Veja o caso das desapropriações. Acabei de ler, na mesma revista acima citada, que o Presidente Lula assinou o decreto declarando área de interesse social, para fins de Reforma Agrária, a área da Fazenda Monte Cristo, no Vale Jequitinhonha, no norte de Minas. Essa assinatura é o último passo para a desapropriação. Pois a fazenda está sendo vendida, com o consentimento do Ministério Público Estadual. Os conflitos são acirrados, morre gente e nem o Presidente conseguiu desapropriá-la.
O Estado não é o Presidente e o Sistema Capitalista é maior que o Estado. É necessário, sim, neutralizar ao máximo a força repressiva do Estado e por isso faz diferença escolher entre Lula e o PSDB e seus comparsas.
No entanto, o MST e o Movimento Popular e Sindical, precisam avançar em suas estratégias de luta.

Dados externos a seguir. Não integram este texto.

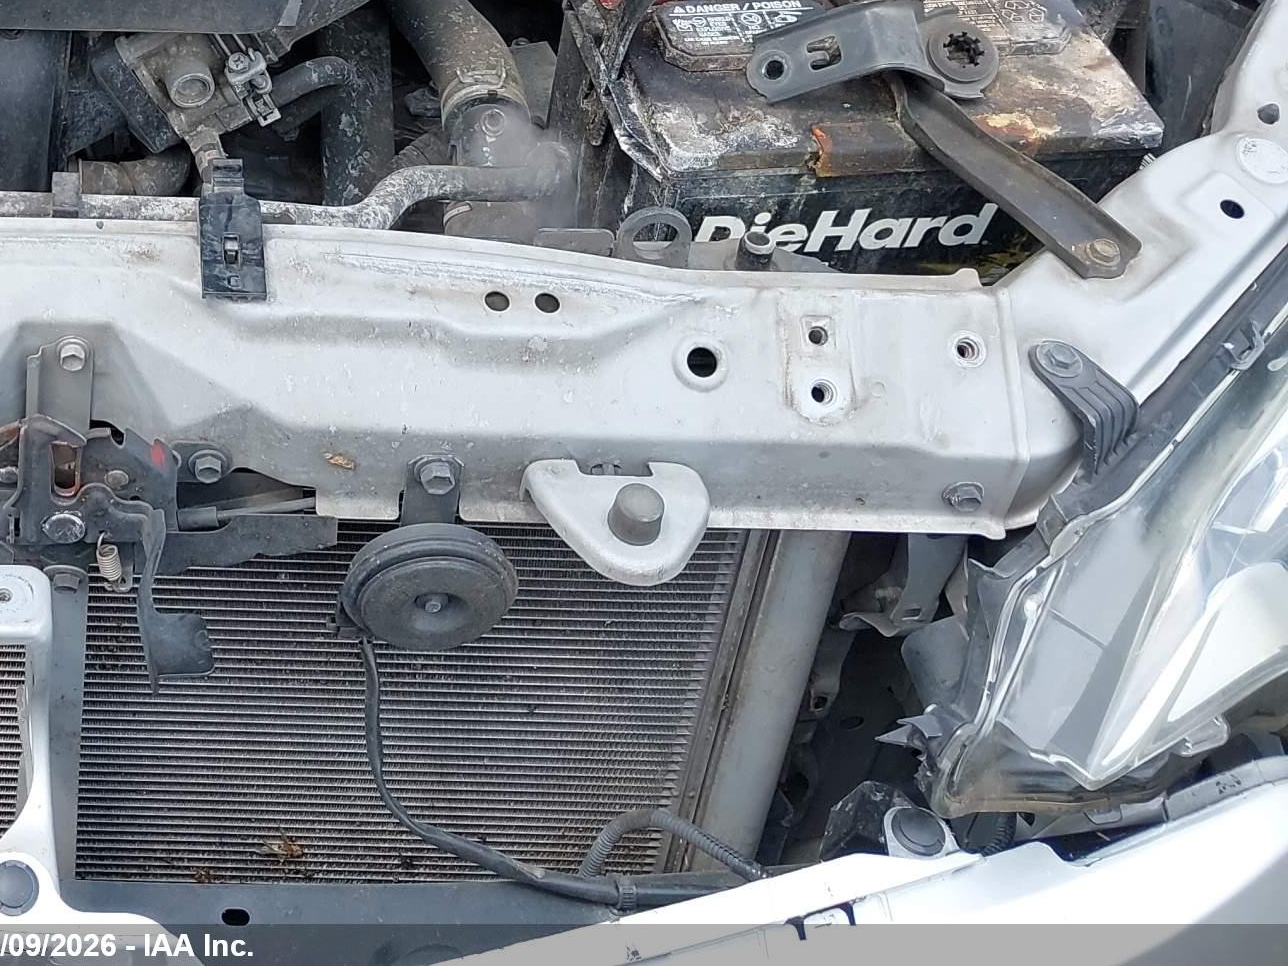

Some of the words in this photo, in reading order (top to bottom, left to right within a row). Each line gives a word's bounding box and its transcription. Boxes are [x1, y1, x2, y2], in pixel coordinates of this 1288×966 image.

[685, 2, 741, 14] DANGER
[751, 0, 802, 11] POISON
[694, 202, 999, 253] DieHard

Em lugar de conscientização, propor, organizar e realizar ações que inaugurem novos modos de vida,: com mais autonomia, menos dependência, subordinação e hierarquização. Novos modos de produzir,novas formas de trocas, de uso da moeda, de morar, de garantir segurança. Produzir comunicação, informação, lutar pela acessibilidade de tudo o que humaniza e dá qualidade de vida digna.Não no discurso, na prática, na vida, em ações concretas. Muitas coisas nesse sentido estão acontecendo, é preciso que os dirigentes dos movimentos populares vejam isso. Algumas o MST já faz, é verdade.
A Reforma Agrária, por exemplo,precisa ser feita com linhas de crédito para grupos cooperados, organizados em Projetos com o objetivo da Segurança Alimentar, com assessoria técnica, gerenciamento cooperado, visando boa e sustentável produtividade. Continuar defendendo lotes individuais, para integrarem-se a um tipo de mercado, em que o pequeno quase sempre vai à falência, com qualidade de vida péssima, sem acesso à formação, comunicação, saúde, cultura, não dá mais. É preciso reinventar a luta, reinventando a maneira de viver. Não é o Bolsa-Familia que impede a formação de novos acampamentos, é o sacrifício, o sofrimento, a humilhação e o medo que impera sob as lonas pretas. Acorda coordenador do MST!